Complete the following steps to interpret a chi-square goodness-of-fit test. Key output includes the p-value and a bar chart of expected and observed values.

Use the p-value to determine whether to reject or fail to reject the null hypothesis, which states that the population proportions in each category are consistent with the specified values in each category.

To determine whether the observed values from the sample and expected values from the specified distribution are statistically different, compare the p-value to the significance level. Usually, a significance level (denoted as α or alpha) of 0.05 works well. A significance level of 0.05 indicates a 5% risk of incorrectly rejecting the null hypothesis.

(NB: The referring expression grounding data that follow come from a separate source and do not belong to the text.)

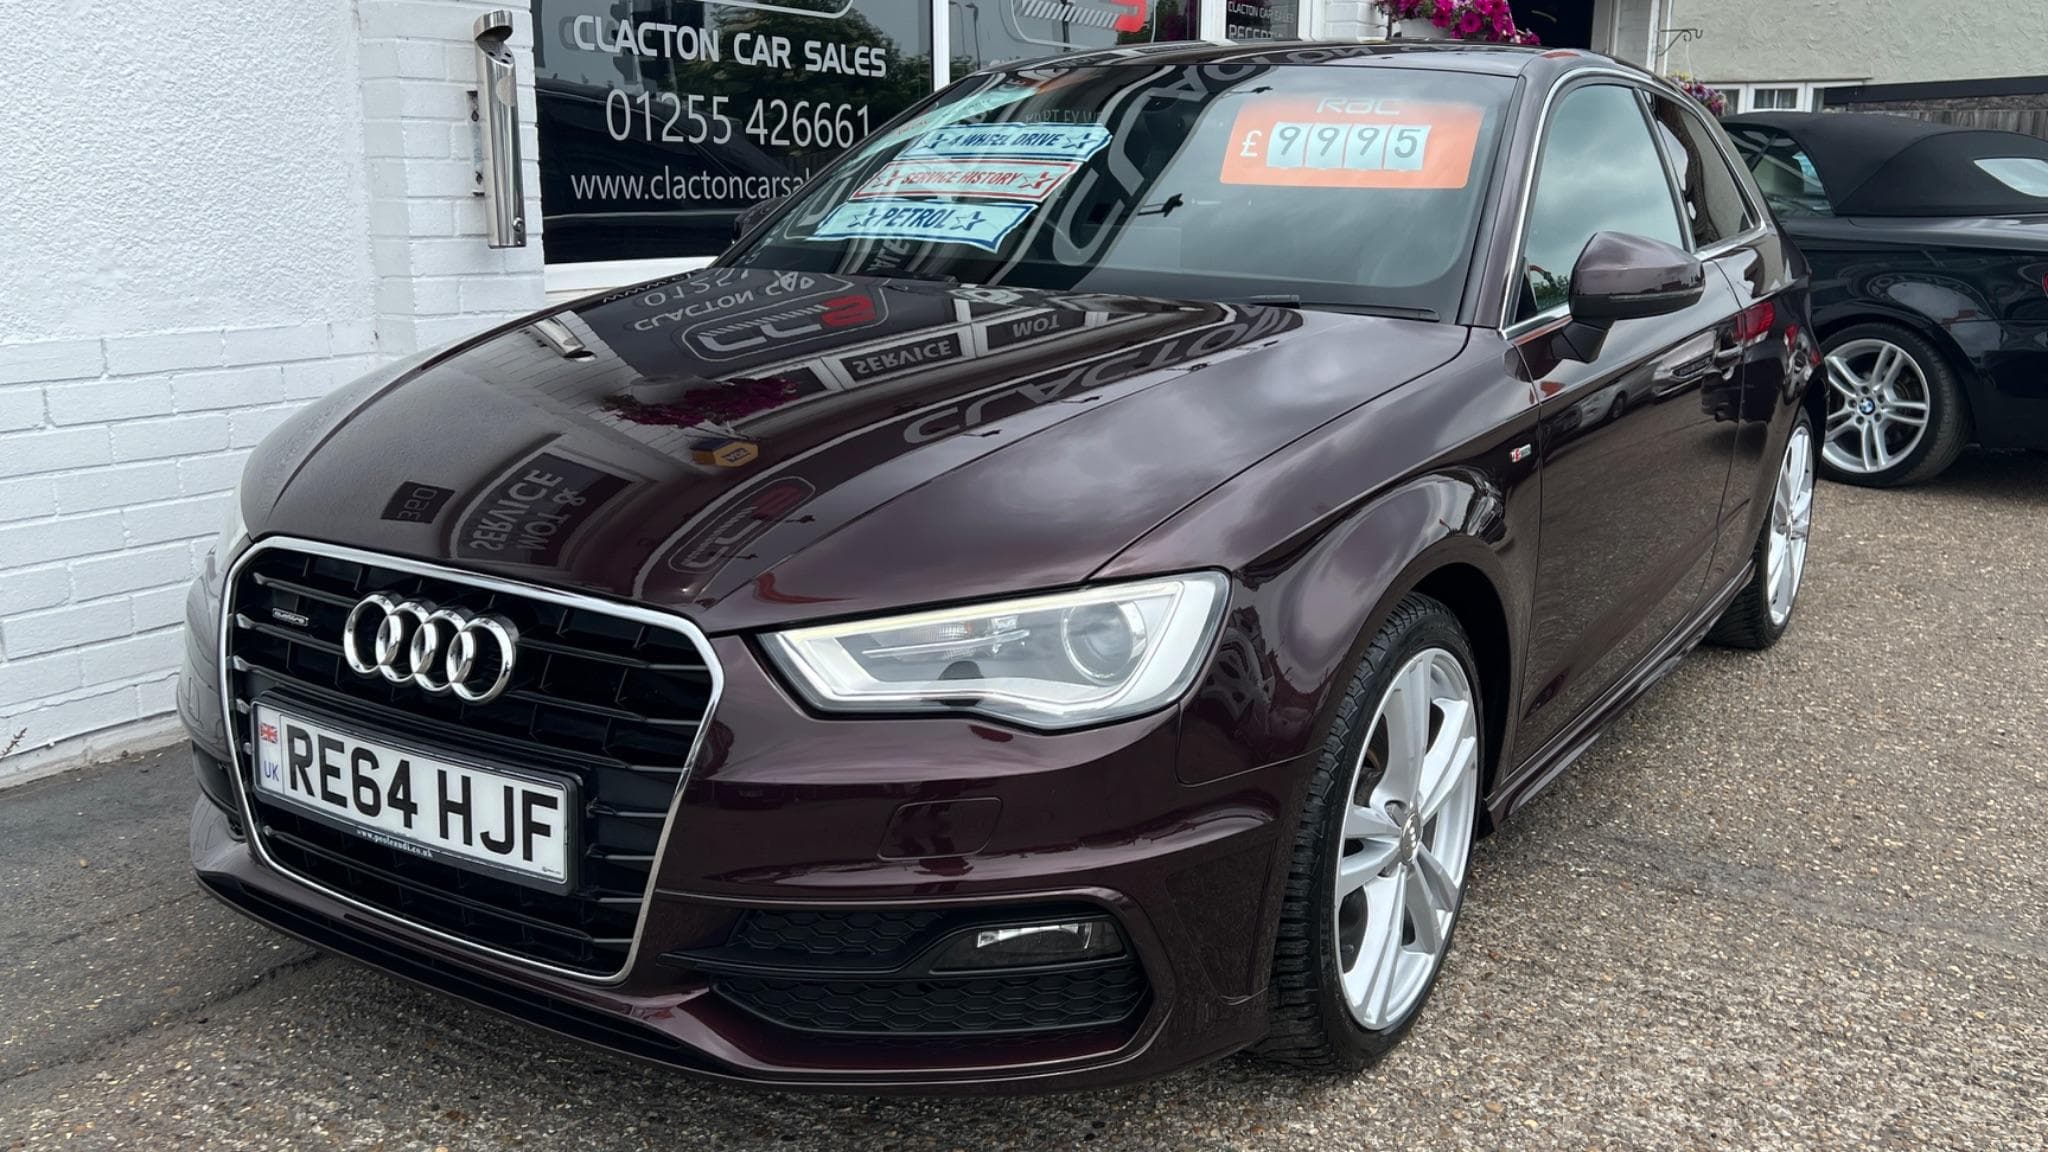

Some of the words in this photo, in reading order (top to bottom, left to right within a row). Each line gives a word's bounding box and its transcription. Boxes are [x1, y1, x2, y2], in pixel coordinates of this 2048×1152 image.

[573, 15, 719, 63] CLACTON
[734, 32, 791, 69] CAR
[804, 41, 886, 77] SALES
[606, 89, 732, 144] 01255
[745, 99, 869, 148] 426661
[1010, 133, 1065, 146] DRIVE
[1279, 126, 1421, 159] 9995
[902, 171, 960, 184] SERVICE
[960, 171, 1023, 185] HISTORY
[879, 207, 956, 228] PETROL
[264, 760, 280, 782] UK
[285, 723, 418, 829] RE64
[437, 768, 558, 863] HJF
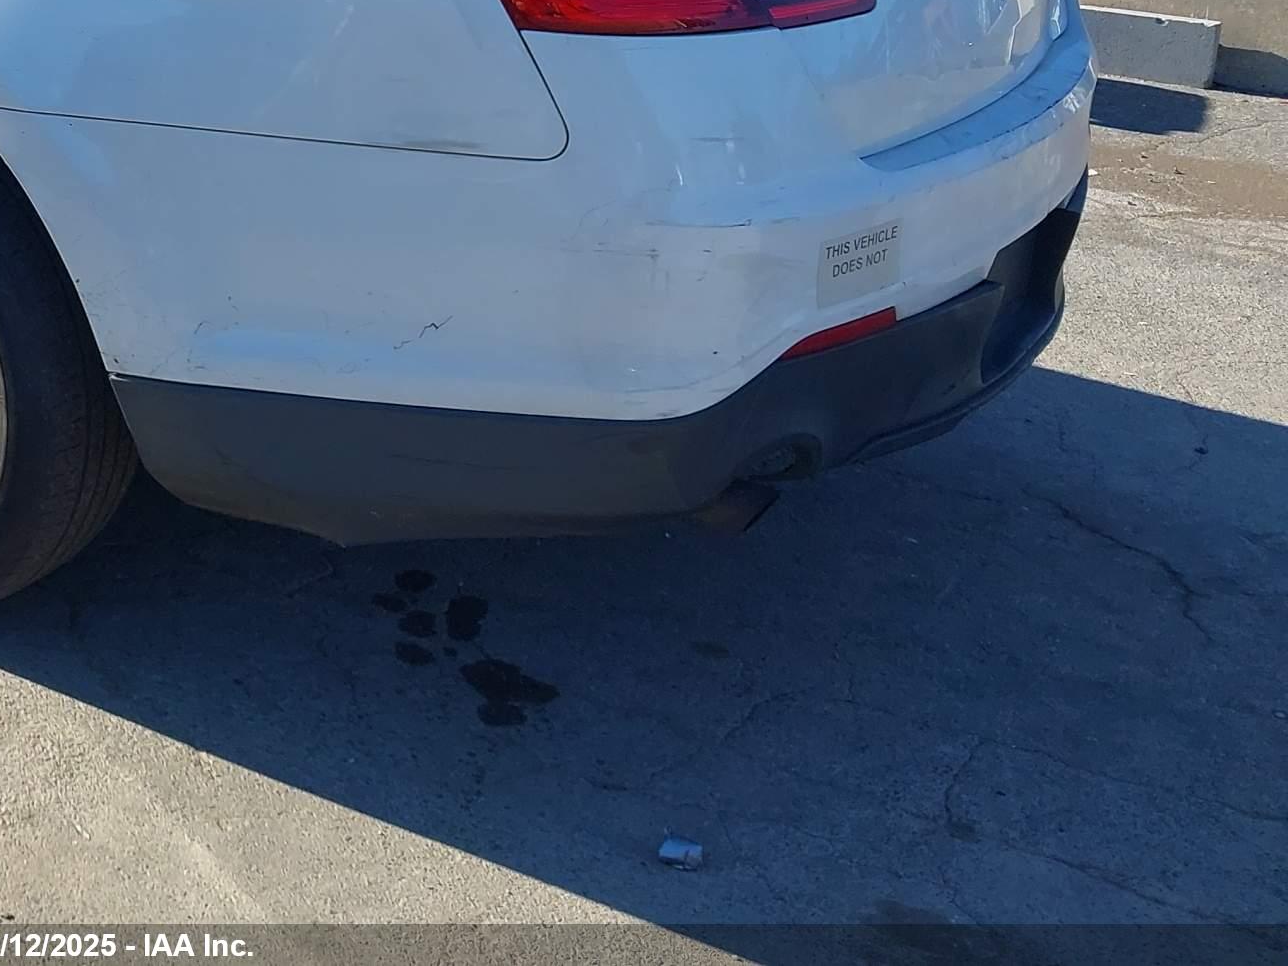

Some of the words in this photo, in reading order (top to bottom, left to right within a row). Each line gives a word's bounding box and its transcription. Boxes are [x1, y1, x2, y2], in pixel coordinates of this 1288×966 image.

[826, 241, 850, 260] THIS
[854, 225, 898, 251] VEHICLE
[832, 257, 863, 278] DOES
[865, 248, 888, 267] NOT
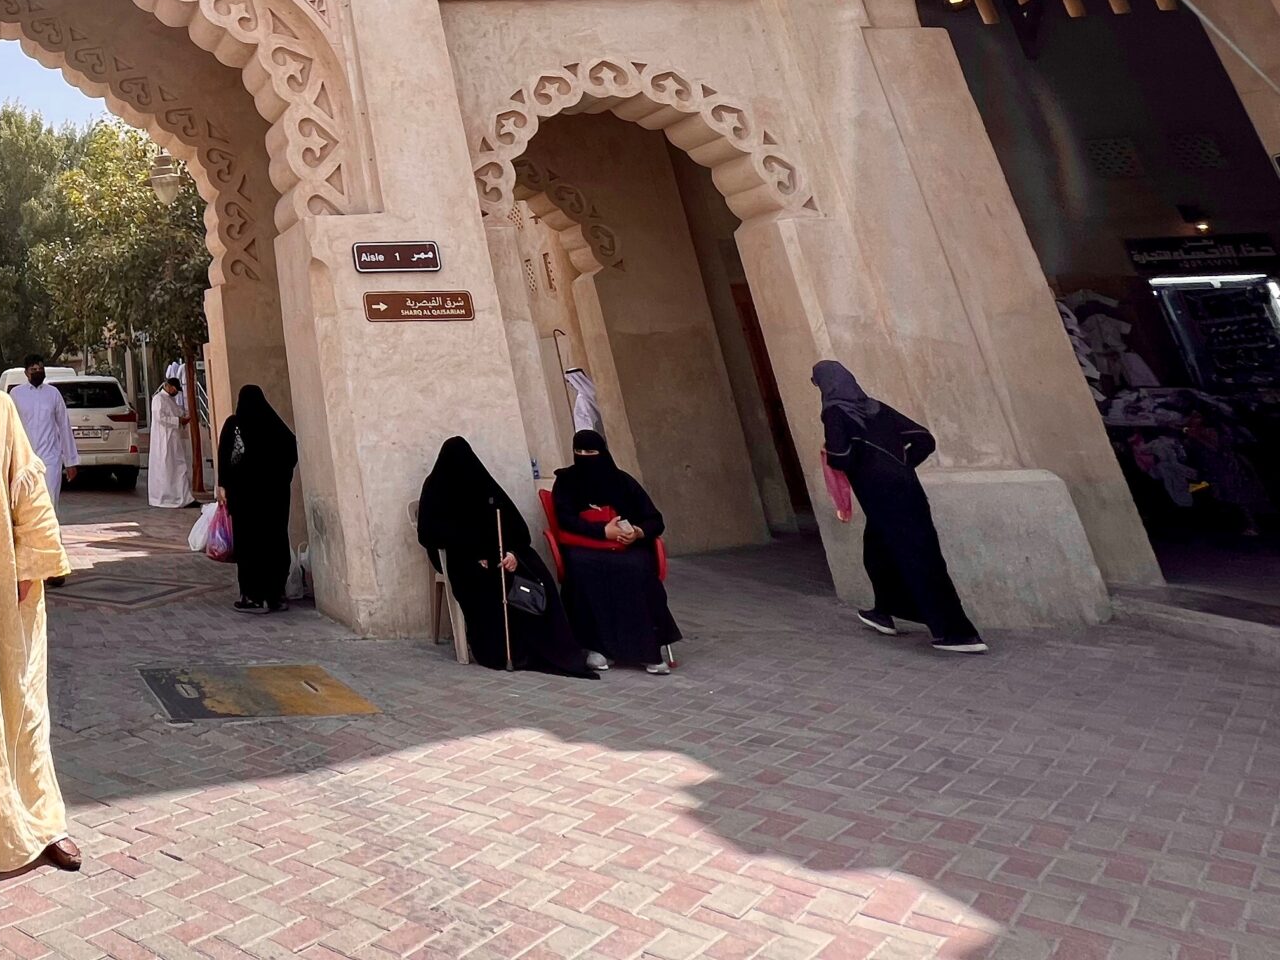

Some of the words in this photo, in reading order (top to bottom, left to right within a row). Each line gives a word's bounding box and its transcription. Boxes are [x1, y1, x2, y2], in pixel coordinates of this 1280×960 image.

[361, 252, 385, 262] Aisle
[394, 252, 401, 261] 1
[411, 250, 434, 261] ممر
[405, 296, 443, 309] القيصرية
[444, 296, 464, 308] شرق

- P-value ≤ α: The observed data are statistically different from the expected values (Reject H
_{0}) - If the p-value is less than or equal to the significance level, you reject the null hypothesis and conclude that the data does not follow a distribution with certain proportions. Use your specialized knowledge to determine whether the difference is practically significant.
- P-value > α: You cannot conclude that the observed data are statistically different from the expected values (Fail to reject H
_{0}) - If the p-value is larger than the significance level, you fail to reject the null hypothesis because you do not have enough evidence to conclude that the data do not follow the distribution with specified proportions. However, you cannot conclude that the distributions are the same. A difference might exist, but your test might not have enough power to detect it.

Use a bar chart that plots the observed and expected values for each category to determine whether there is a difference in a particular category.